8. The apparatus as claimed in claim 6, characterized in that, The equivalent calculation includes using a transmission line calculation model with a similar structure to calculate the characteristic impedance, wherein: The similar structures include the wire harness being laid on a near-plane and the wire harness being laid in a groove, and The transmission line calculation model includes a stripline calculation model corresponding to the wiring harness being laid on a near-plane and a slot line calculation model corresponding to the wiring harness being laid in a slot.

9. A method for suppressing radio frequency coupling current in a wire harness, the method comprising: Establish a geometric model of the wire harness shielding layer and the aircraft airframe structure; Based on the geometric model, the characteristic impedance of the equivalent transmission line is obtained through experimental measurement or equivalent calculation. Select a matching resistor with an associated resistance value based on the characteristic impedance; as well as The matching resistor is connected in parallel with the TVS device, and both are connected between the wire harness shielding layer and the aircraft airframe structure.

10. The method as described in claim 9, characterized in that, Establishing the geometric model also includes: shorting all the cable shielding layers of the internal cables of the harness to use the harness shielding layer as a whole with the aircraft body structure as the equivalent transmission line.

11. The method as described in claim 9, characterized in that, The experimental measurements include using a time-domain reflectometer to measure the characteristic impedance of the equivalent transmission line in the time domain via a balun transformation from a balanced to an unbalanced line.

12. The method as described in claim 9, characterized in that, The equivalent calculation includes using a transmission line calculation model with a similar structure to calculate the characteristic impedance, wherein: The similar structures include the wire harness being laid on a near-plane and the wire harness being laid in a groove, and The transmission line calculation model includes a stripline calculation model corresponding to the wiring harness being laid on a near-plane and a slot line calculation model corresponding to the wiring harness being laid in a slot.

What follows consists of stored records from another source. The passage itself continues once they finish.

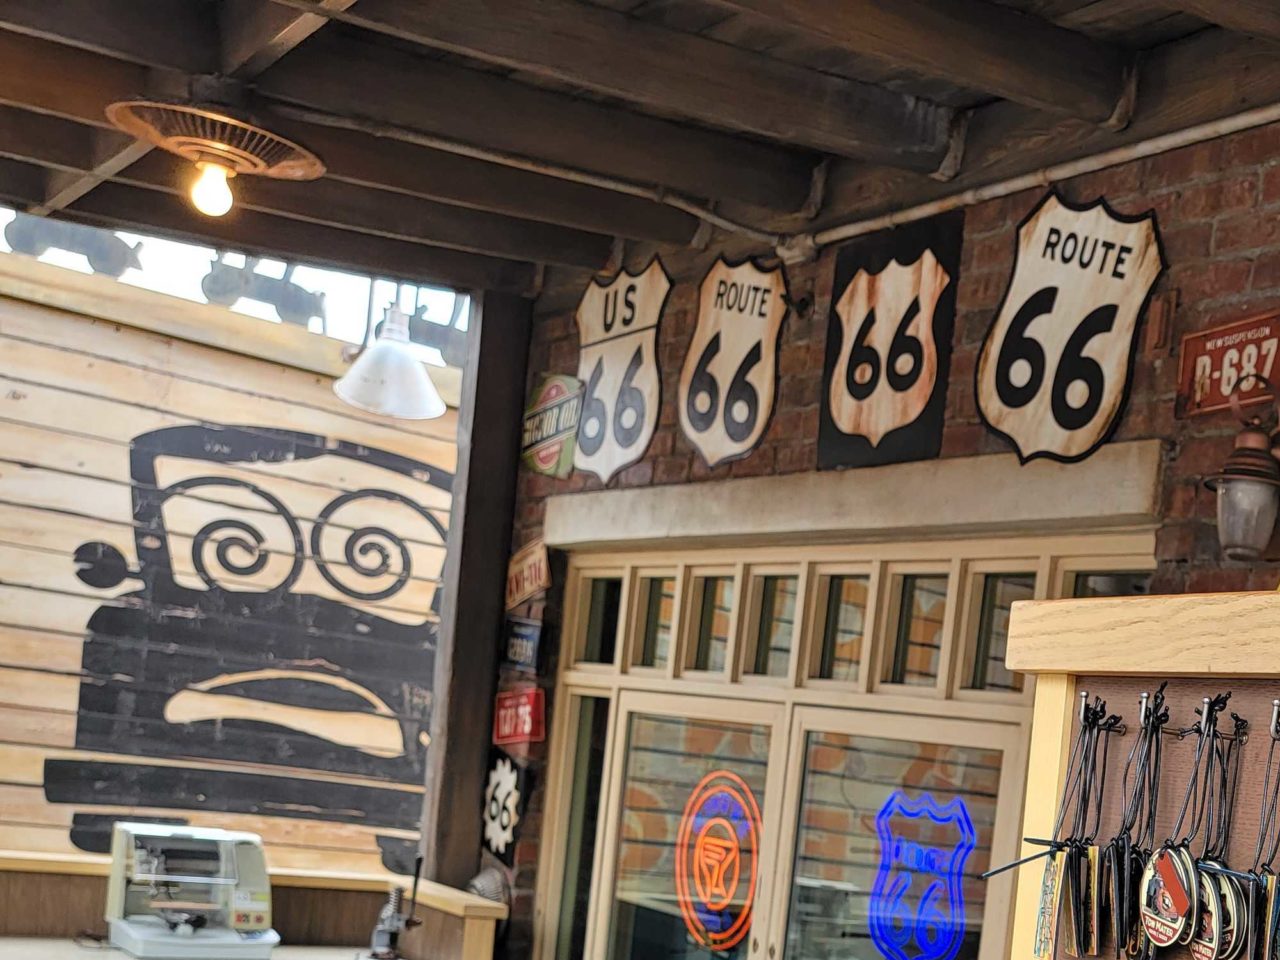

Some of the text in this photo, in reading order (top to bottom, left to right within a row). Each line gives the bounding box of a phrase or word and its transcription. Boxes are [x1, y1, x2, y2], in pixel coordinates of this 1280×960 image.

[1041, 227, 1133, 279] ROUTE
[603, 285, 637, 333] US
[714, 280, 772, 318] ROUTE
[686, 331, 762, 442] 66
[846, 295, 924, 400] 66
[995, 286, 1119, 431] 66
[576, 344, 647, 457] 66
[490, 782, 512, 831] 66
[882, 870, 954, 957] 66

13. The method as described in claim 9, characterized in that, The matching resistor is connected to both ends of the harness and is used to reduce the spikes in the coupling current caused by reflection in the harness shielding layer, and the TVS device is used to suppress transient voltage.

14. The method as described in claim 9, characterized in that, The connection between the wire harness shielding layer and the aircraft body structure further includes: connecting the matching resistor and the TVS device between the wire harness connector and the wire harness tail accessory and mounting them on the wire harness.